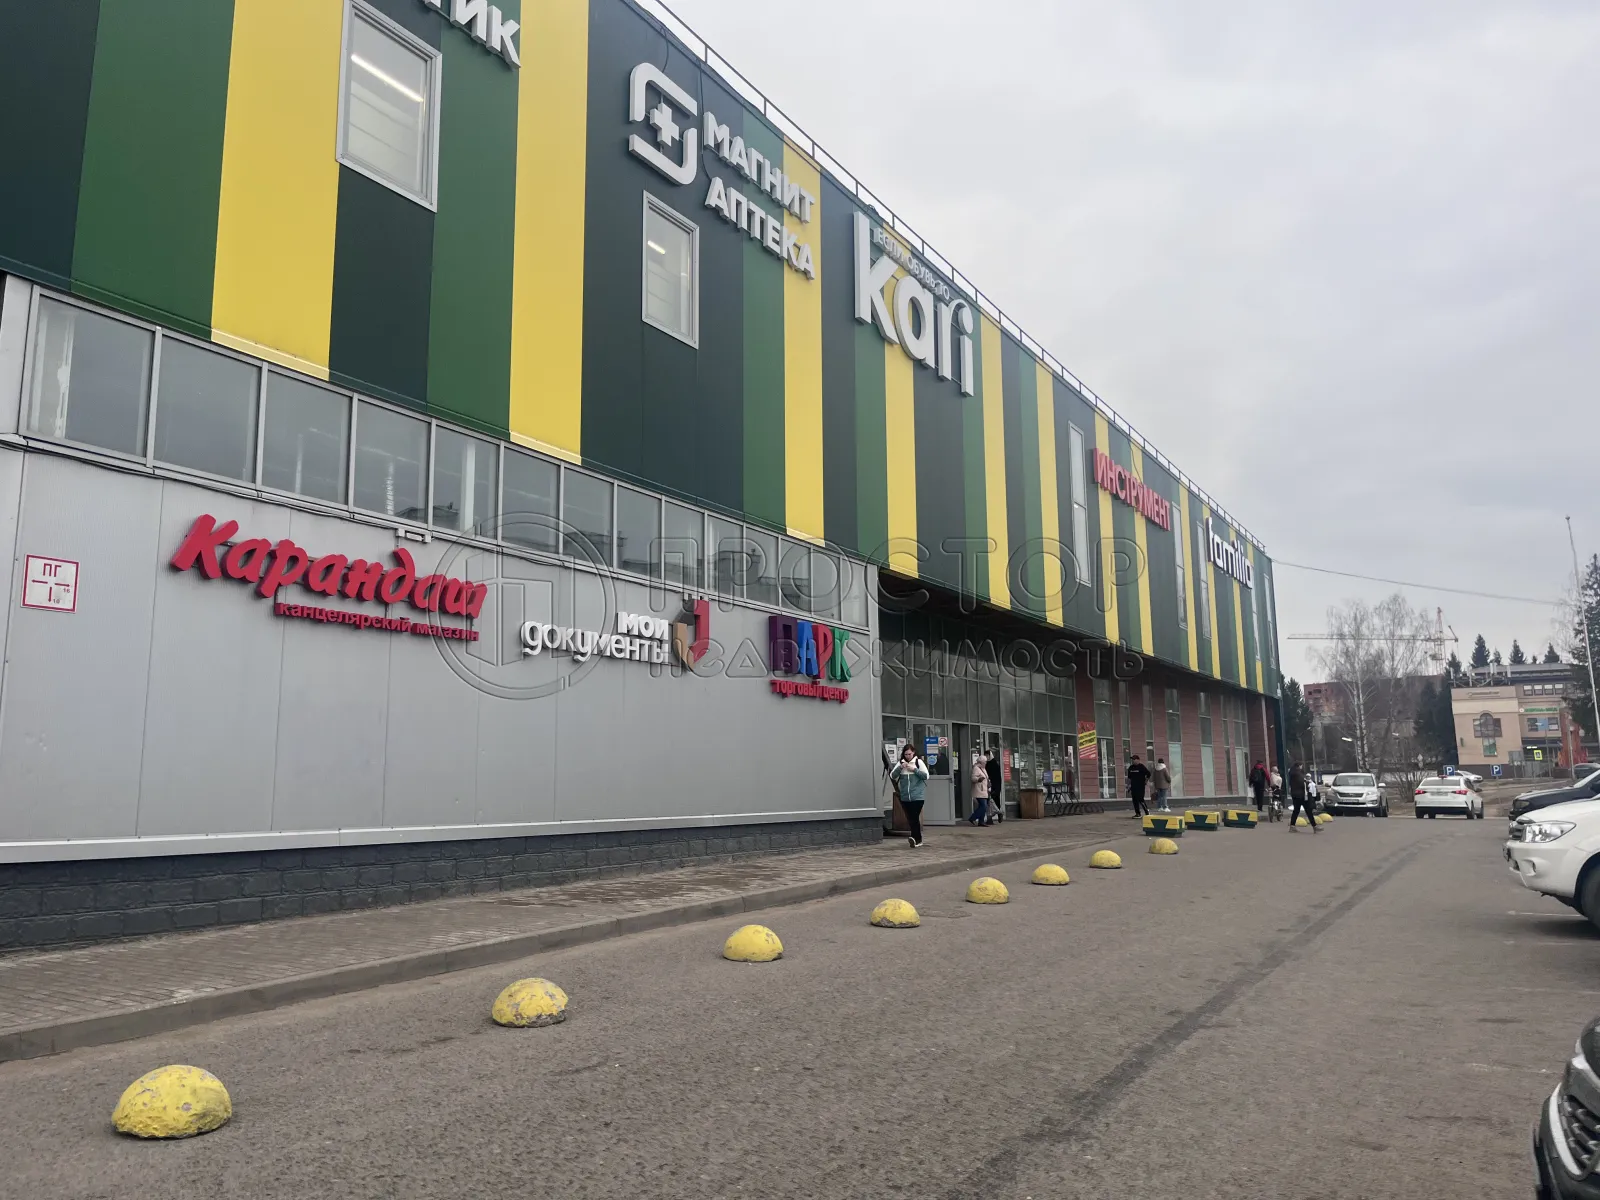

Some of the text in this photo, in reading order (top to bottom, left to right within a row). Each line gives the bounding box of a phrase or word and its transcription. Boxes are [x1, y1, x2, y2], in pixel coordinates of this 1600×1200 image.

[424, 0, 521, 68] ИК
[703, 111, 816, 224] МАГНИТ
[705, 176, 815, 280] АПТЕКА
[854, 211, 974, 396] kari
[42, 562, 62, 577] ПГ
[170, 513, 488, 619] Карандаш
[1204, 516, 1253, 590] familia
[275, 602, 480, 642] канцелярский магазин
[521, 620, 669, 664] документы
[768, 615, 852, 683] ПАРК
[770, 679, 849, 704] торговый центр
[1446, 766, 1453, 775] P
[1493, 765, 1502, 775] P
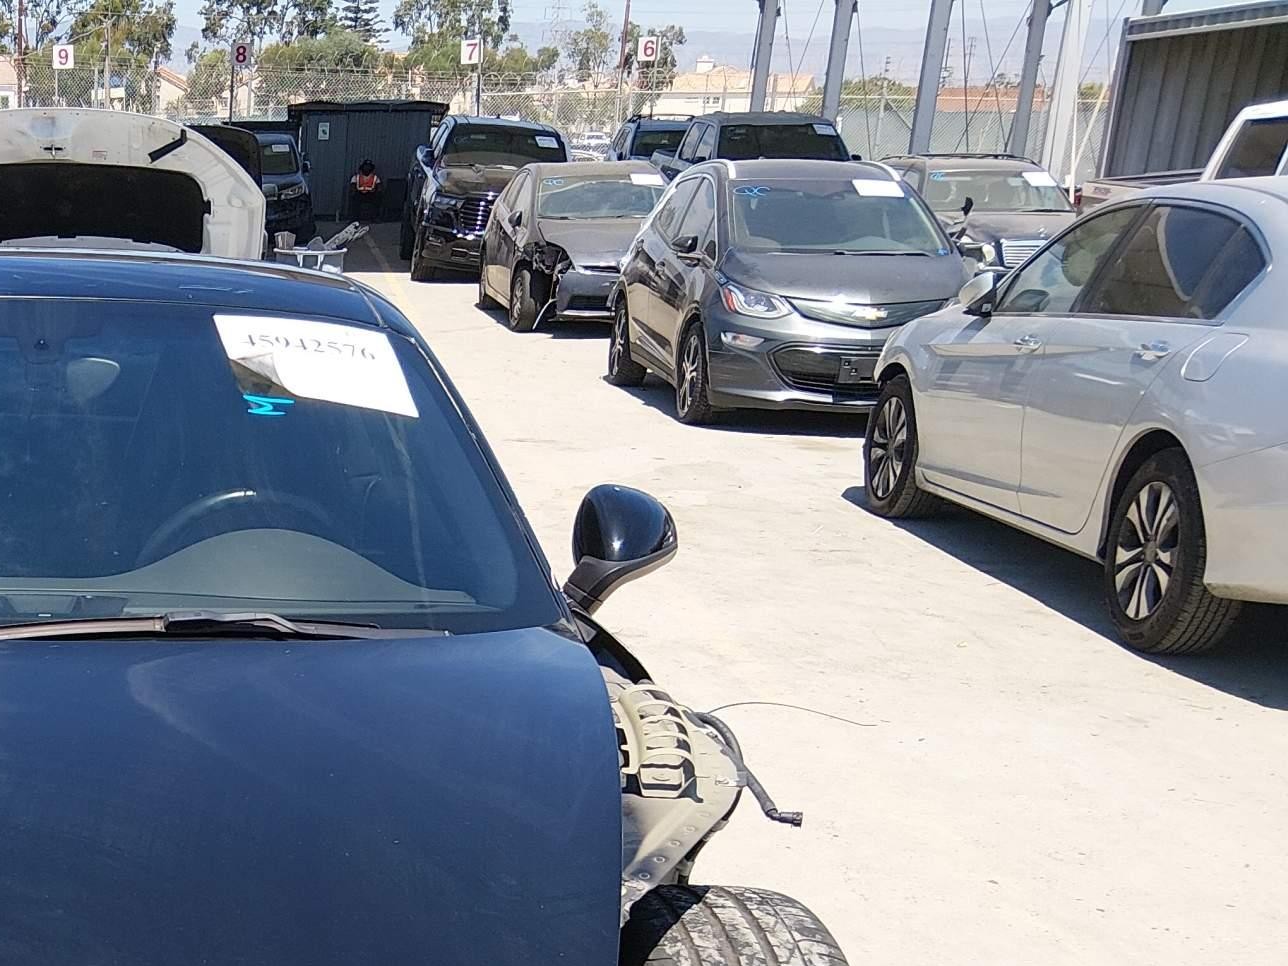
★ ★ ★ ★
▶ **What is required**:
Transcribe the material exactly, keeping every word and none of the pictures.

▶ **Written solution**:
Some of the text in this photo, in reading order (top to bottom, left to right within a row). Each line gives the bounding box of a phrase or word and its transcription. Boxes are [x1, y1, x2, y2], in pixel coordinates of this 1600×1200 image.

[424, 0, 521, 68] ИК
[703, 111, 816, 224] МАГНИТ
[705, 176, 815, 280] АПТЕКА
[854, 211, 974, 396] kari
[42, 562, 62, 577] ПГ
[170, 513, 488, 619] Карандаш
[1204, 516, 1253, 590] familia
[275, 602, 480, 642] канцелярский магазин
[521, 620, 669, 664] документы
[768, 615, 852, 683] ПАРК
[770, 679, 849, 704] торговый центр
[1446, 766, 1453, 775] P
[1493, 765, 1502, 775] P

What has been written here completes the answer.